Risk factors for developing H1N1 influenza can be divided into several categories:

  • Physical factors: chronic lung diseases such as asthma and COPD; cardiovascular diseases; diabetes; obesity.
  • Chemical factors: Exposure to toxic substances such as heavy metals and pesticides can weaken the immune response.
  • Other possible factors include smoking, a sedentary lifestyle, lack of flu vaccination, and living conditions that promote the spread of the virus, such as crowded spaces.

The presence of these factors in themselves is not decisive, but their combination significantly increases the risk of infection and the severity of the disease.

Diagnosis of this disease

Diagnosis of H1N1 influenza typically begins with a thorough history and physical examination. Common symptoms reported by patients include:

  • High temperature;
  • Cough;
  • Sore throat;
  • Muscle and joint pain;
  • Fatigue;
  • Headache;
  • Difficulty breathing and shortness of breath.

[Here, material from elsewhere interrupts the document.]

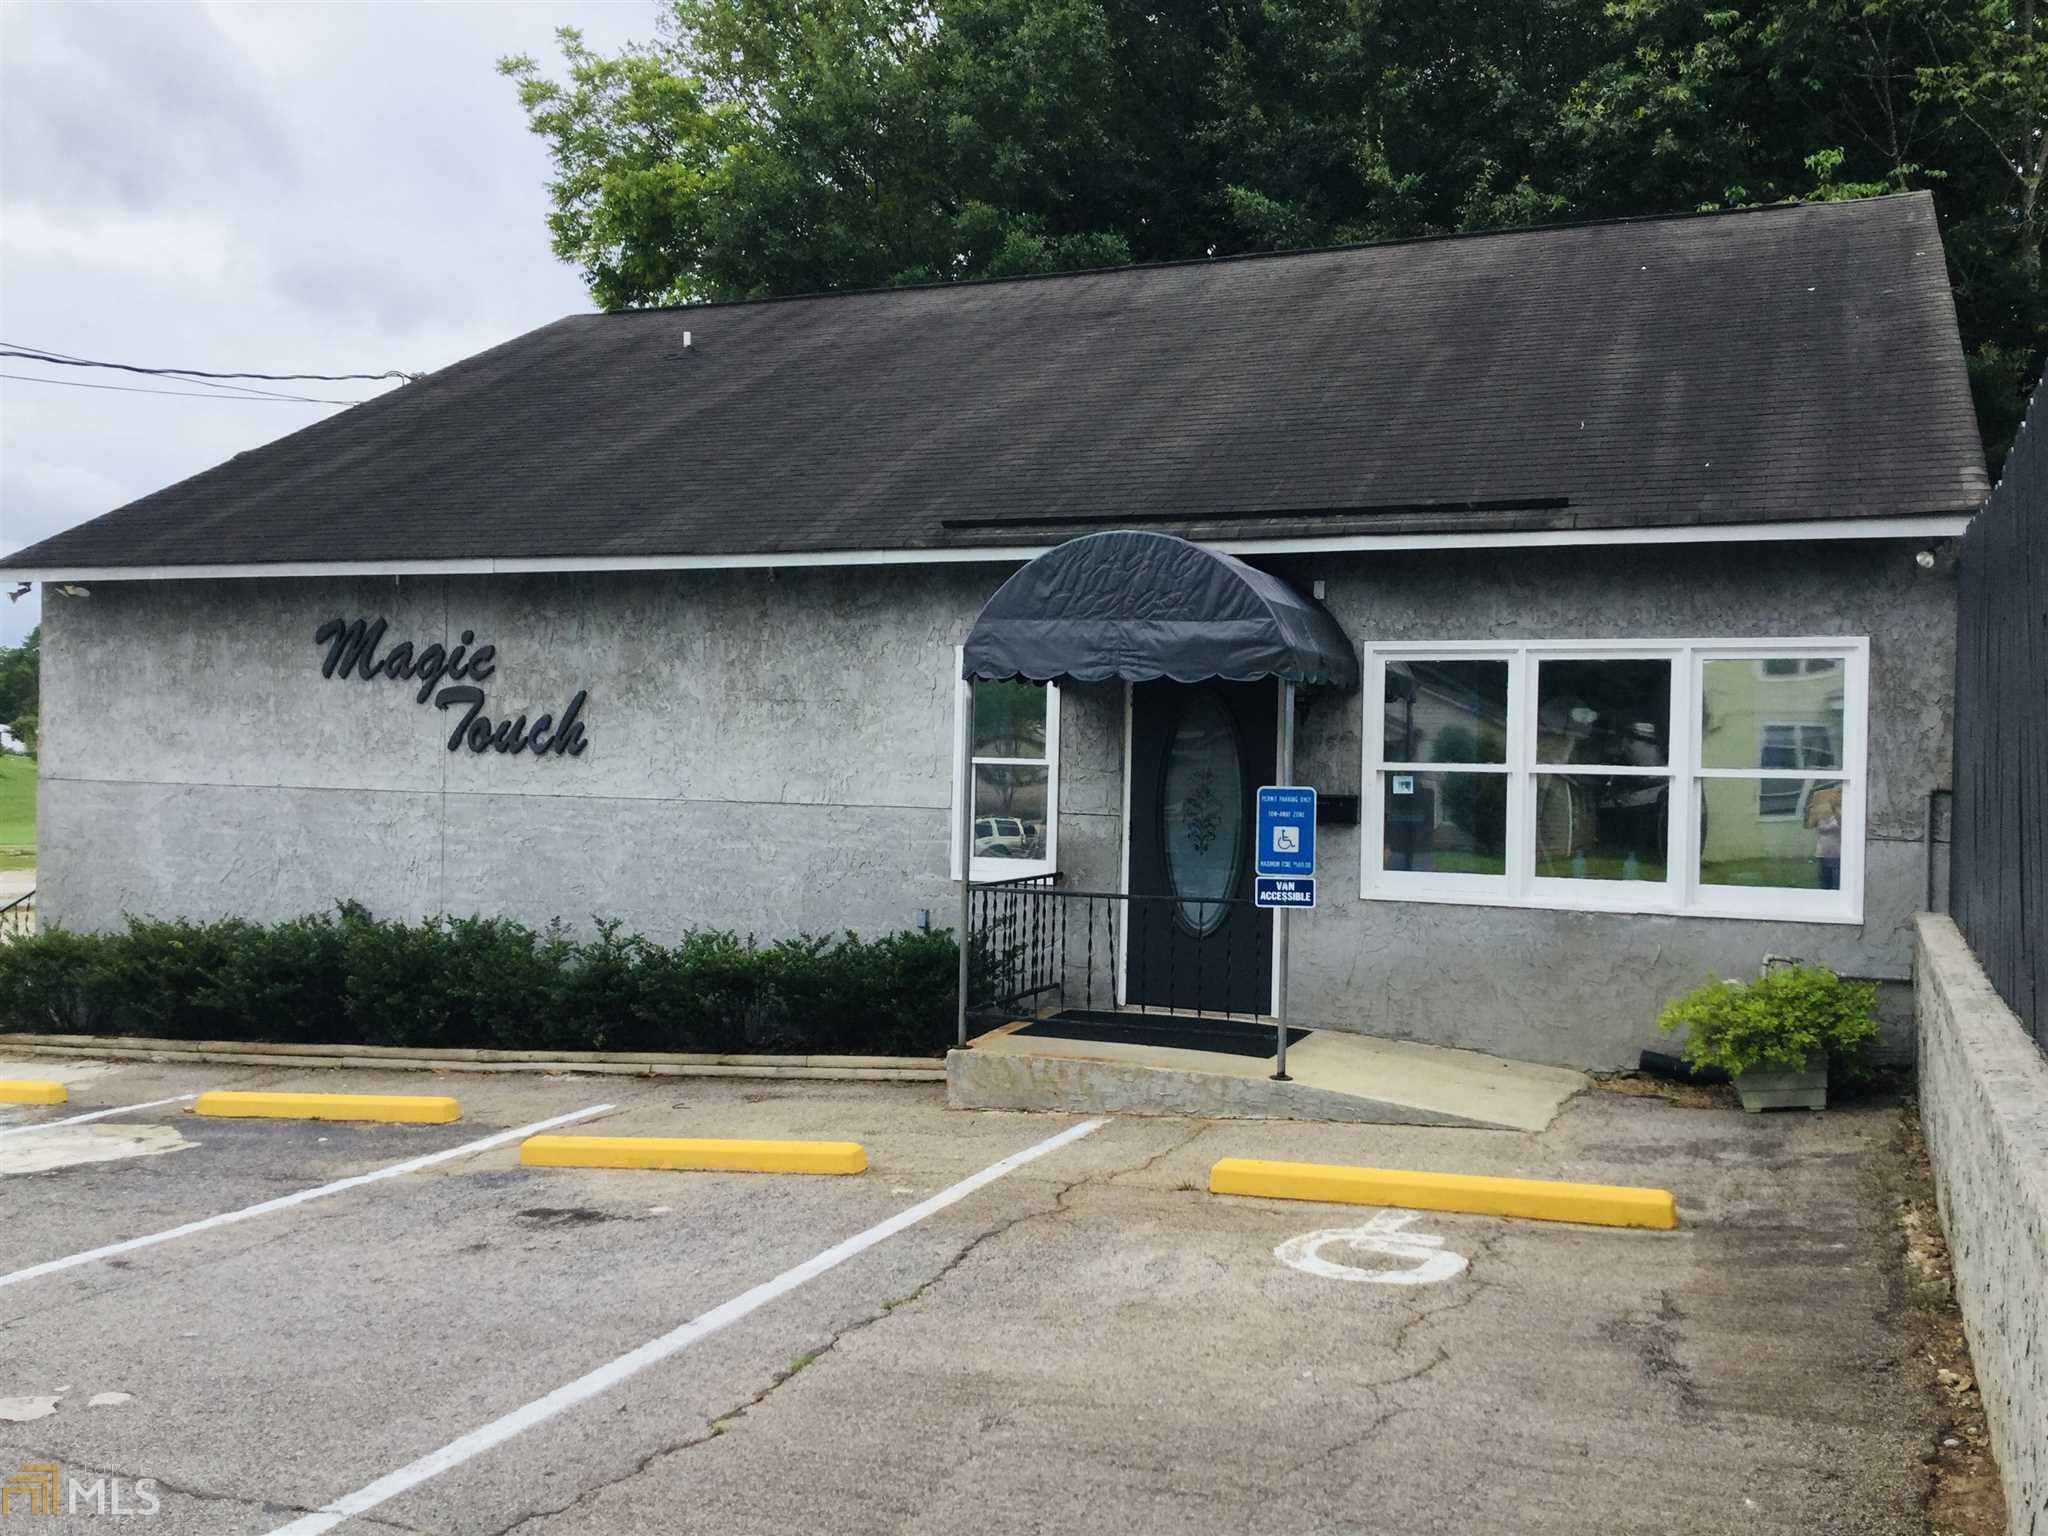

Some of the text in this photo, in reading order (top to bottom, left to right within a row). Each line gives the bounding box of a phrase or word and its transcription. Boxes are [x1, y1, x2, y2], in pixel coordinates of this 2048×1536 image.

Laboratory tests include polymerase chain reaction (PCR) to detect viral RNA, serologic tests to detect antibodies to the virus, and viral load monitoring. Radiologic tests, such as chest radiography, may be helpful if pneumonia is suspected. Differential diagnosis includes other respiratory infections, including common influenza, COVID-19, and respiratory syncytial virus.

Treatment

General treatment for H1N1 influenza is based on supportive therapy, which includes:

  • Ensure adequate fluid intake;
  • Rest to speed up recovery;
  • Symptomatic treatment to reduce high fever and pain.

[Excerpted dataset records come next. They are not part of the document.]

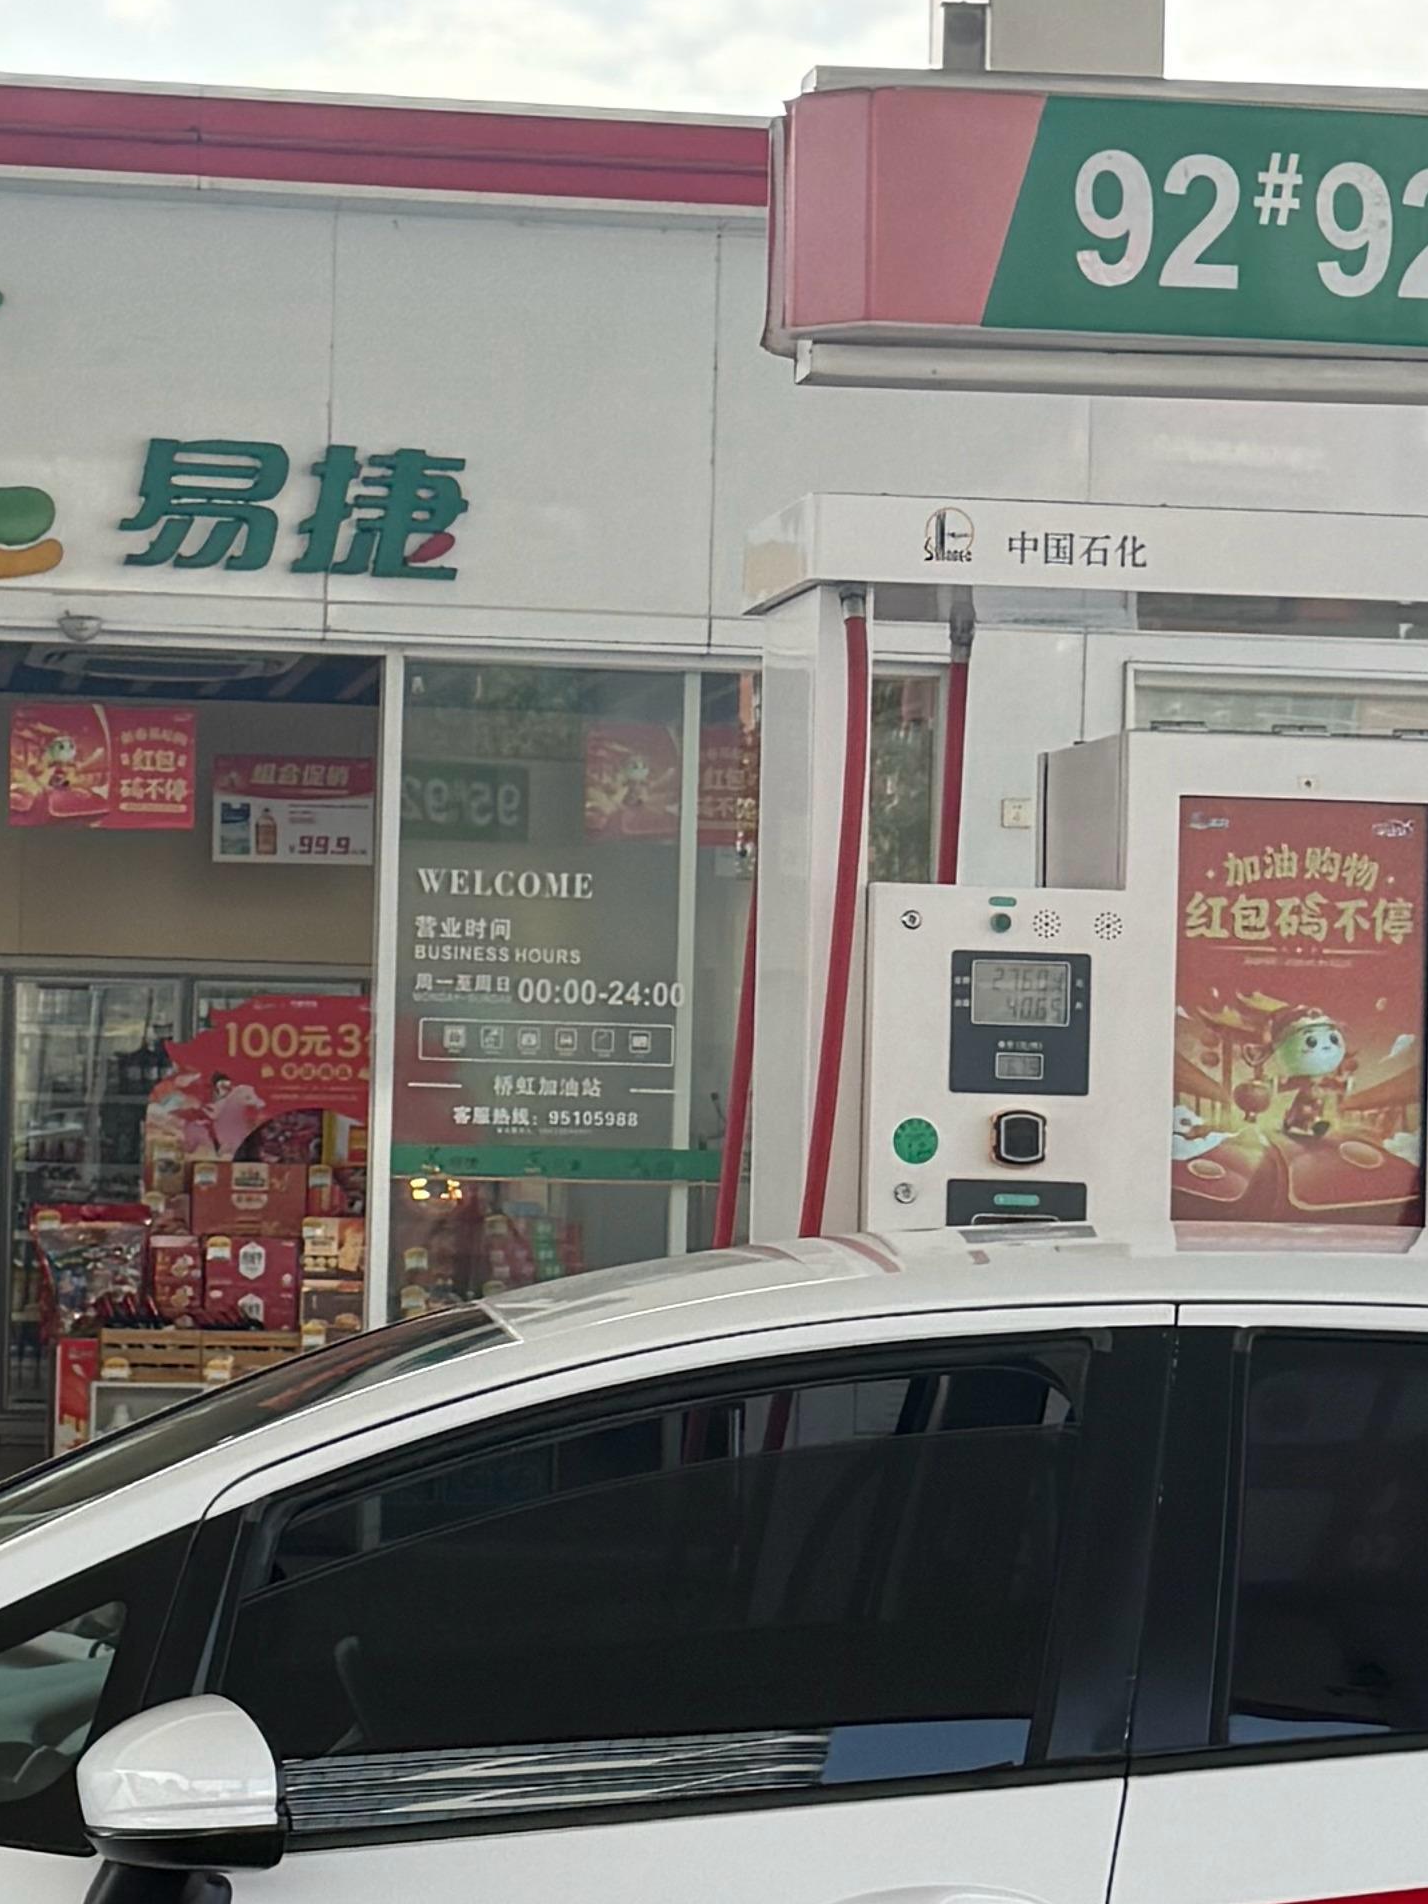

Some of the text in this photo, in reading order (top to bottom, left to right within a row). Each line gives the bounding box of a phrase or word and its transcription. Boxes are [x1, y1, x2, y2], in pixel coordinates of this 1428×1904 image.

[119, 437, 469, 581] 易捷
[1008, 530, 1148, 568] 中国石化
[418, 868, 593, 899] WELCOME
[1224, 843, 1379, 892] 加油购物
[414, 915, 512, 940] 营业时间
[414, 944, 581, 965] BUSINESS HOURS
[414, 973, 511, 992] 周一至周日
[518, 977, 686, 1007] 00:00-24:00
[225, 1021, 372, 1059] 100元3
[548, 1110, 639, 1128] 95105988

Pharmacological treatment may include antiviral drugs such as oseltamivir (Tamiflu) and zanamivir (Relenza), which are most effective when started early. In some cases, hospitalization may be required for more in-depth observation and treatment. Surgery is not usually used in this context, unless severe complications such as pleurisy requiring drainage develop. Other treatments, such as inhaled bronchodilators, may be indicated for acute exacerbations of asthma.

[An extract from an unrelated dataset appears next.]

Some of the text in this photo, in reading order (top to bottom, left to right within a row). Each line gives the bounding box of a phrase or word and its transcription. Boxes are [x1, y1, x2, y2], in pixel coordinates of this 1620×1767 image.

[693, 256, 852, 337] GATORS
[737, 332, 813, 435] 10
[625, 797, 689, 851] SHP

List of medications used to treat this disease

The most common antiviral drugs used to treat H1N1 include:

  • Oseltamivir (Tamiflu);
  • Zanamivir (Relenza);
  • Peramivir (Rapivab);
  • Baloxavir (Xofluza).

To treat secondary bacterial infections, antibiotics such as amoxicillin and azithromycin may be prescribed depending on the clinical situation.

Disease monitoring

Monitoring of patients with H1N1 includes regular assessment of symptoms and vital signs. The prognosis is generally good, especially with adequate early treatment, but predisposed patients may develop complications such as viral pneumonia, pleurisy, and acute respiratory distress syndrome.

Age-related features of the disease

H1N1 flu can manifest itself differently depending on the age category of patients:

  • Children: Those affected may exhibit classic symptoms such as fever and cough, with an increased risk of dehydration.
  • Adults: Usually have a milder illness, but hospitalizations are not uncommon among people with chronic illnesses.
  • Older people: The risk of severe disease is significantly increased due to a weakened immune system.

The outcome of the disease largely depends on risk factors, including concomitant diseases and the general health of the patient.

Questions and Answers

  • What is the main prevention of H1N1 flu? Vaccination is a key method of prevention, especially for risk groups.
  • What are the symptoms of H1N1 flu? Common symptoms include high fever, cough, headache, sore throat and muscle pain.
  • Can H1N1 flu be cured with antibiotics? Antibiotics are not effective against viruses, but may be used for secondary bacterial infections.
  • How dangerous is H1N1 flu for pregnant women? Pregnant women are at risk and should be especially attentive to symptoms of the disease.
  • What is the most effective treatment for H1N1? Antiviral drugs provide the best results when started early.

In conclusion, Dr. Oleg Korzhikov advises the following: "It is important to remember that disease prevention begins with vaccination, especially in high-risk groups. When the first symptoms of flu appear, such as high temperature or cough, you should consult a doctor for timely diagnosis and treatment. Do not ignore your health, especially during the period of viral activity."